Why would trolls bomb video conferencing?

Most of the trolls are kids, teenagers, or young adults who are being mischievous. As with most trolling, the aim is to do something that can trigger a reaction and then watch how people react. Trolls use to thrive in public forums and chatrooms, but video conferences are a green pasture where trolls can get their kicks.

Forums and online chats require registration, and thus, banning might work on some trolls. Moreover, forums and online chats are online communities, and some trolls may develop a sense of belonging to that community. However, video conferences are ephemeral, and its attendees are people who know one another in real life. The threat of banning will not work on any intruders, and they cannot form any sense of belongingness among people who personally know one another.

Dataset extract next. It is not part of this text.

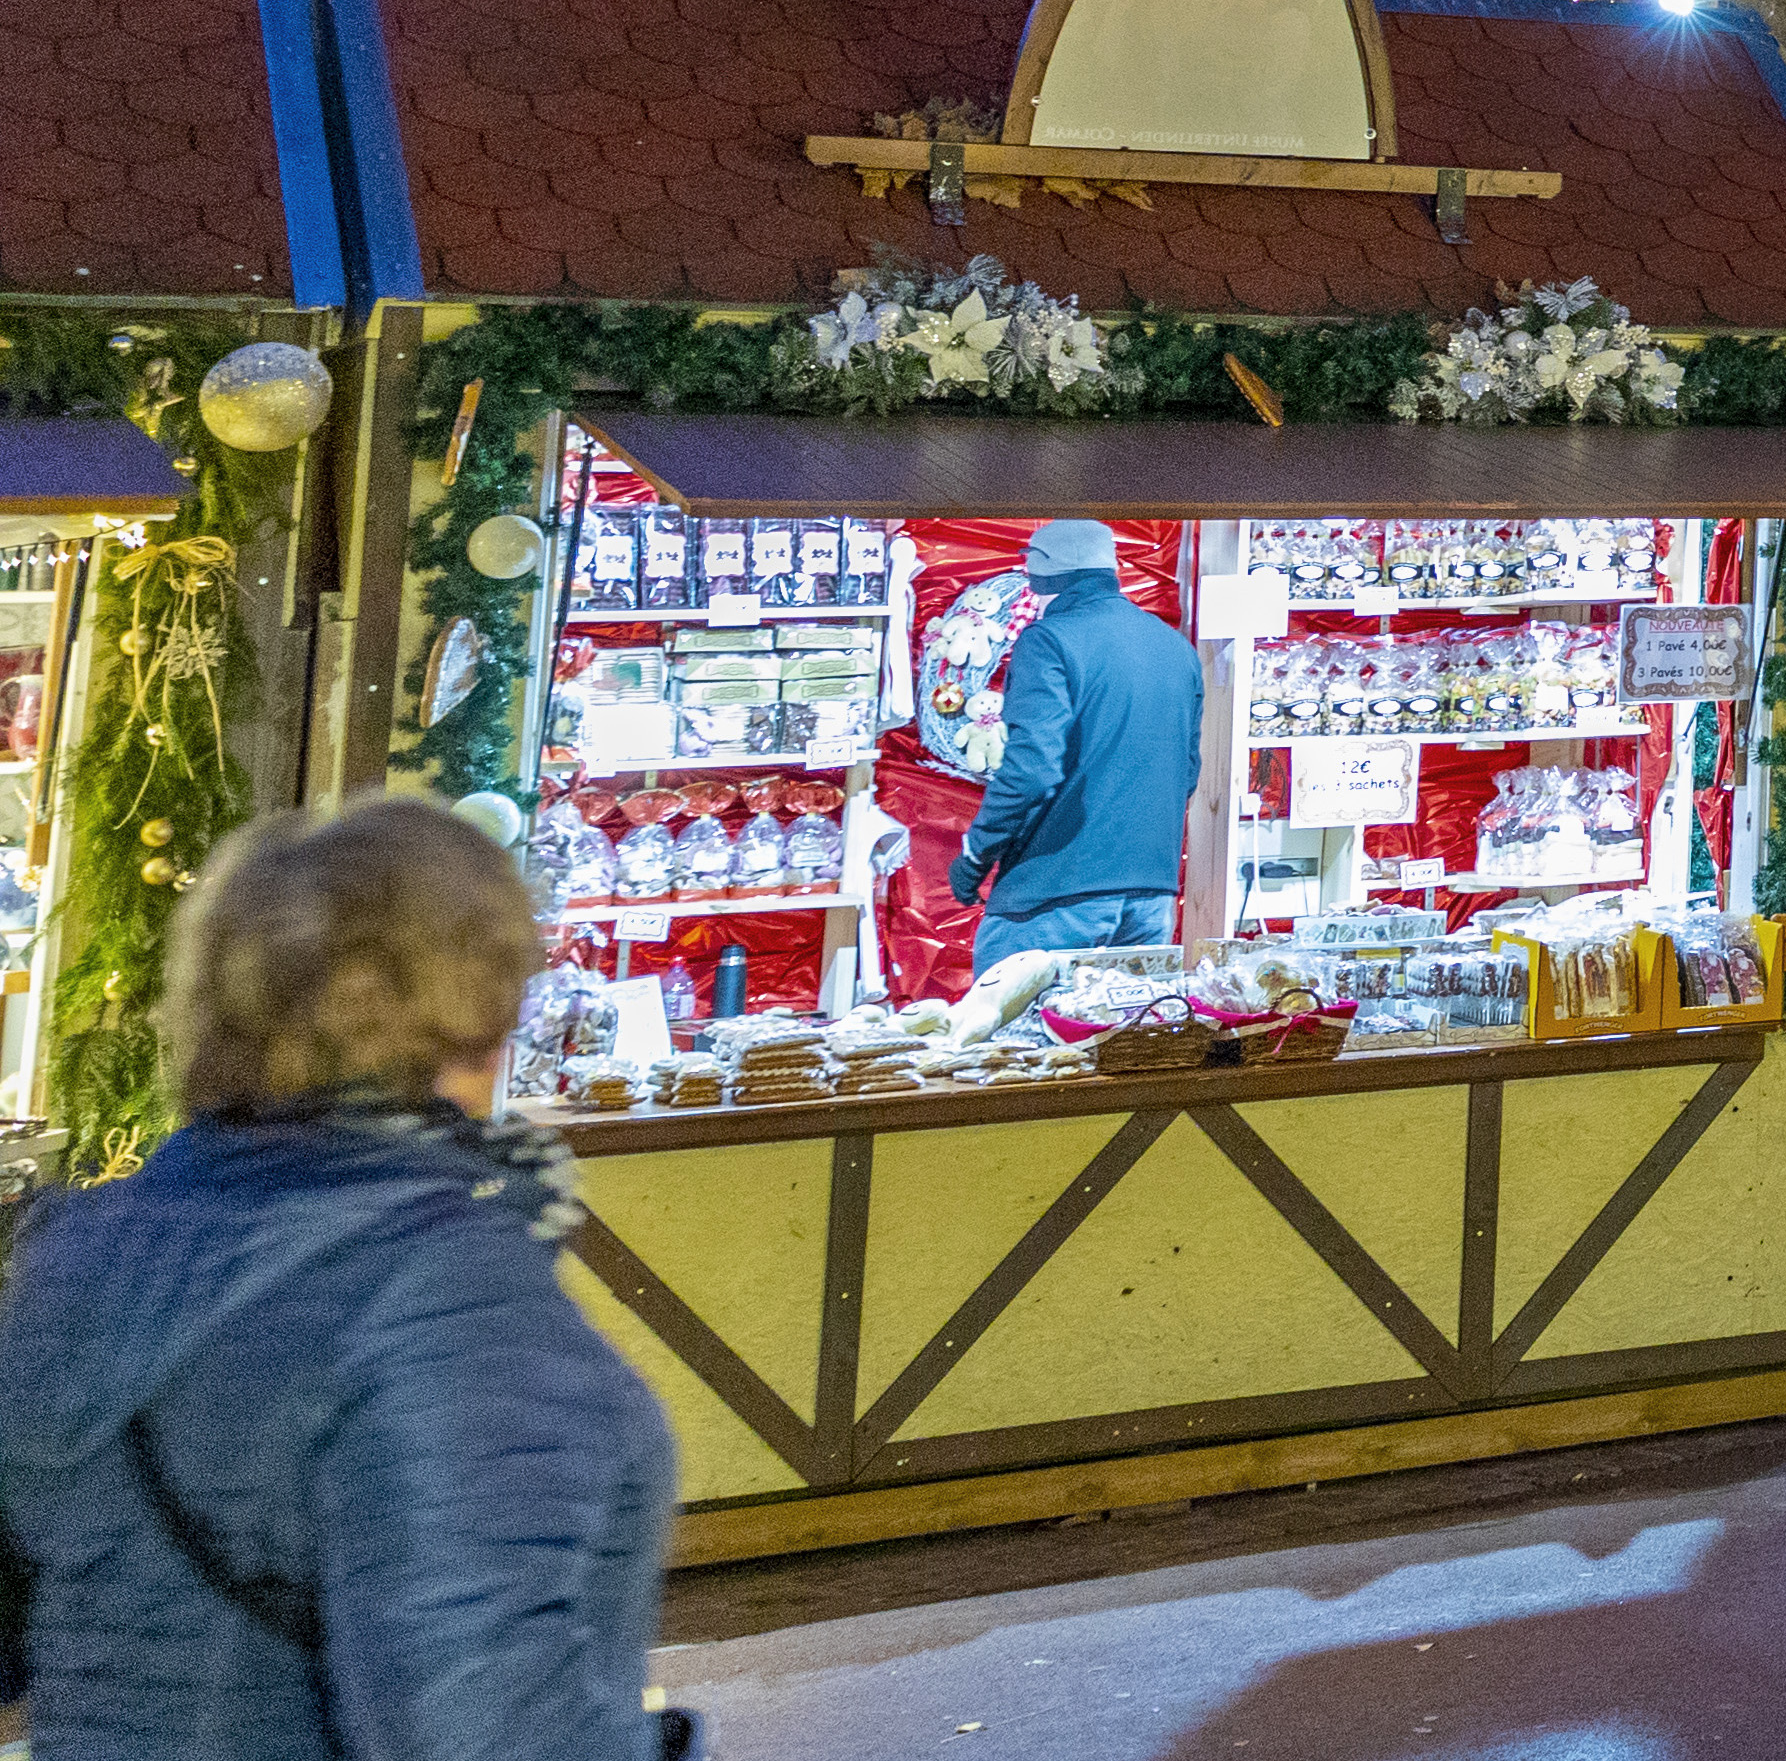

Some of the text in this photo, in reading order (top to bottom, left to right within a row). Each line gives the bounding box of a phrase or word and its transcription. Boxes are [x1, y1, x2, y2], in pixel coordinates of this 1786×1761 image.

[1646, 639, 1727, 653] 1 Pavé 4,00€
[1637, 665, 1733, 679] 3 Pavés 10,00€
[1348, 778, 1400, 791] sachets
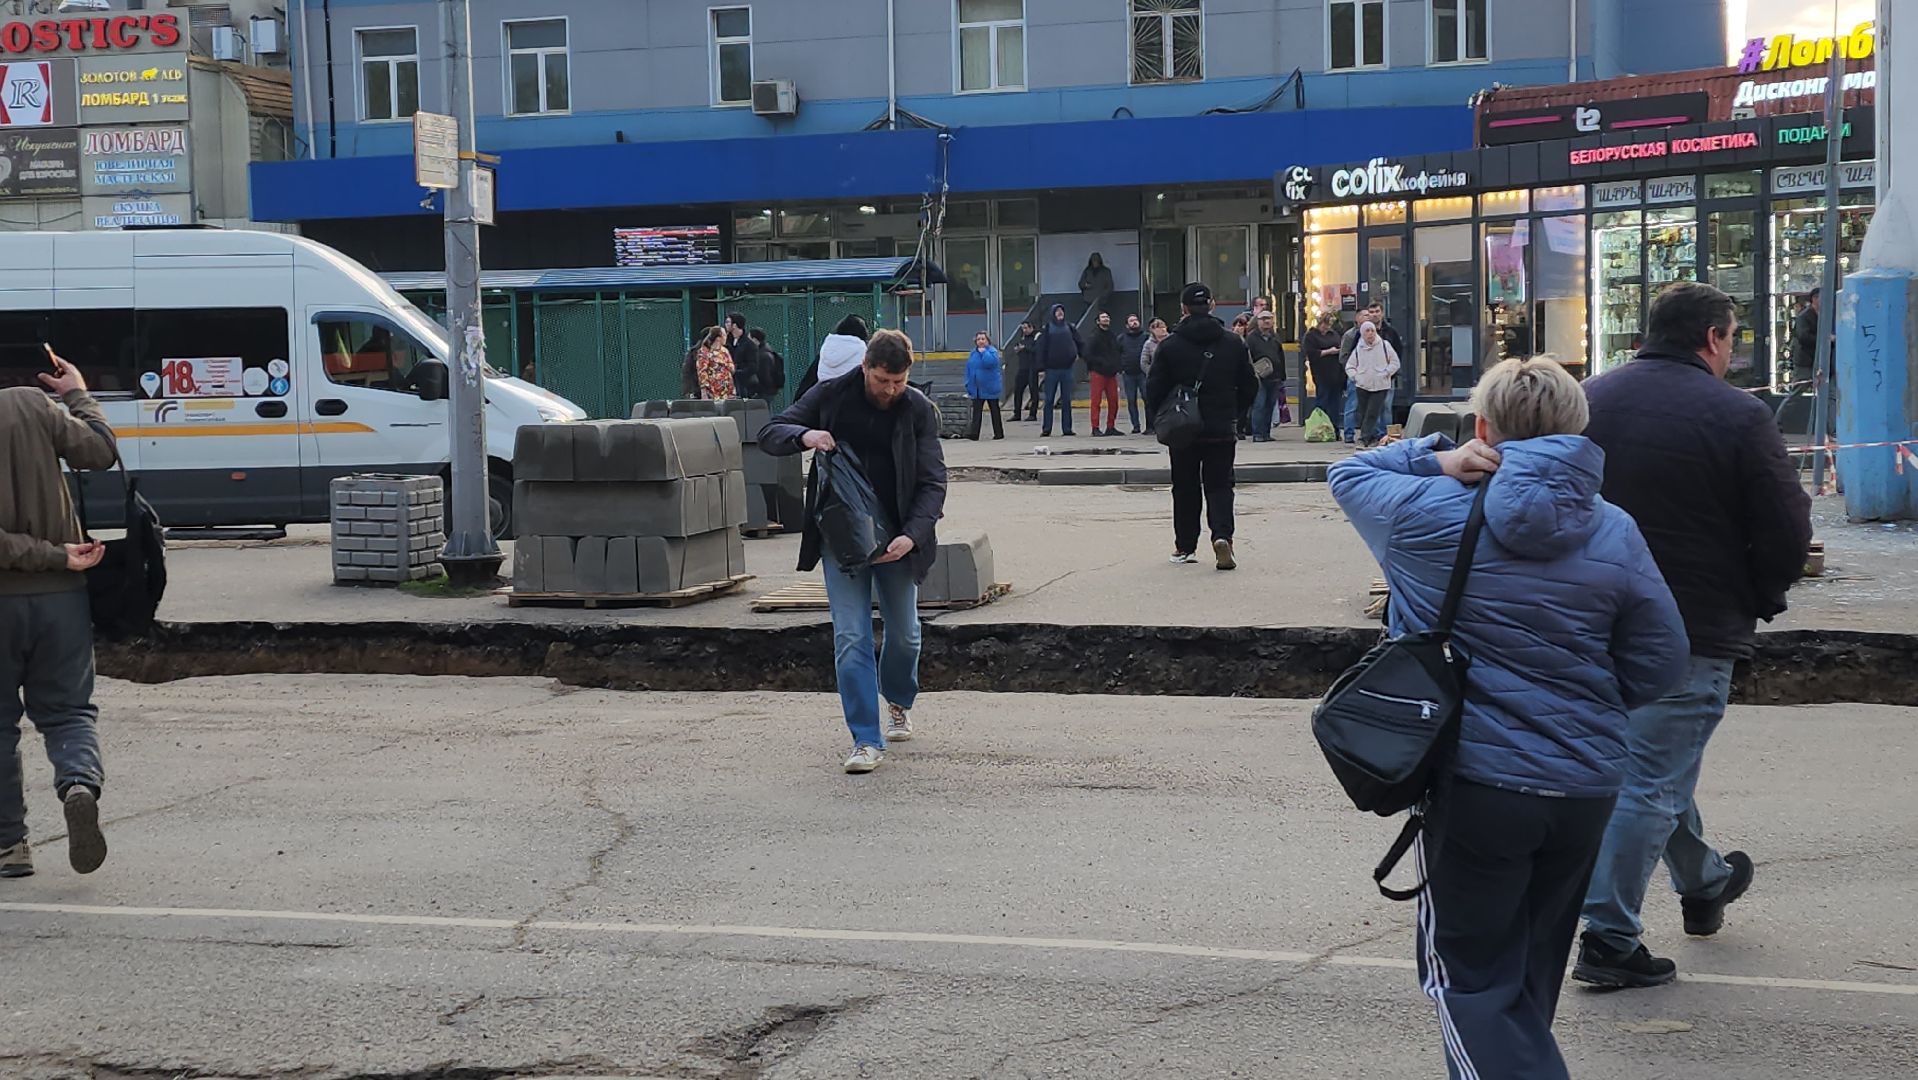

In a virtual class, a student or a group of students themselves can bomb the video conference, but this is unlikely because teachers can deal with them like any misbehaving student in a physical classroom. Light, mischievous behavior can be dealt with by restricting access to video conference functions, disabling the video, or muting the student. Repeat and severe offensive behavior (such as broadcasting sexually explicit materials) can face suspension or expulsion. Fortunately, I haven't heard of a student who had a one-on-one video conference with the principal due to behavior issues (If you have, please let us know in the comment section.).

A more common scenario in a virtual class bombing is for mischievous students to bomb classes that are not their own. If their class is in the morning, they have time to bomb virtual classes in the afternoon.

One possible motivation for video conference bombing is that people are becoming more bored with extended stays at home and are looking for some excitement.

How can online trolls enter a virtual clasroom?

The access to virtual classrooms are sent to students in private, usually through emails or private chat rooms. Thus, it's wonder how anyone who is not part of the class can gatecrash. Some of the ways online trolls can discover online classes that they can bomb are as follows.

Guessing the URL code

Zoom meetings have URLs with the following format1:

(11-digit number)

Google Meet meetings have URLs with the following format:

(10-letter string; x, y, and z are any lowercase letters)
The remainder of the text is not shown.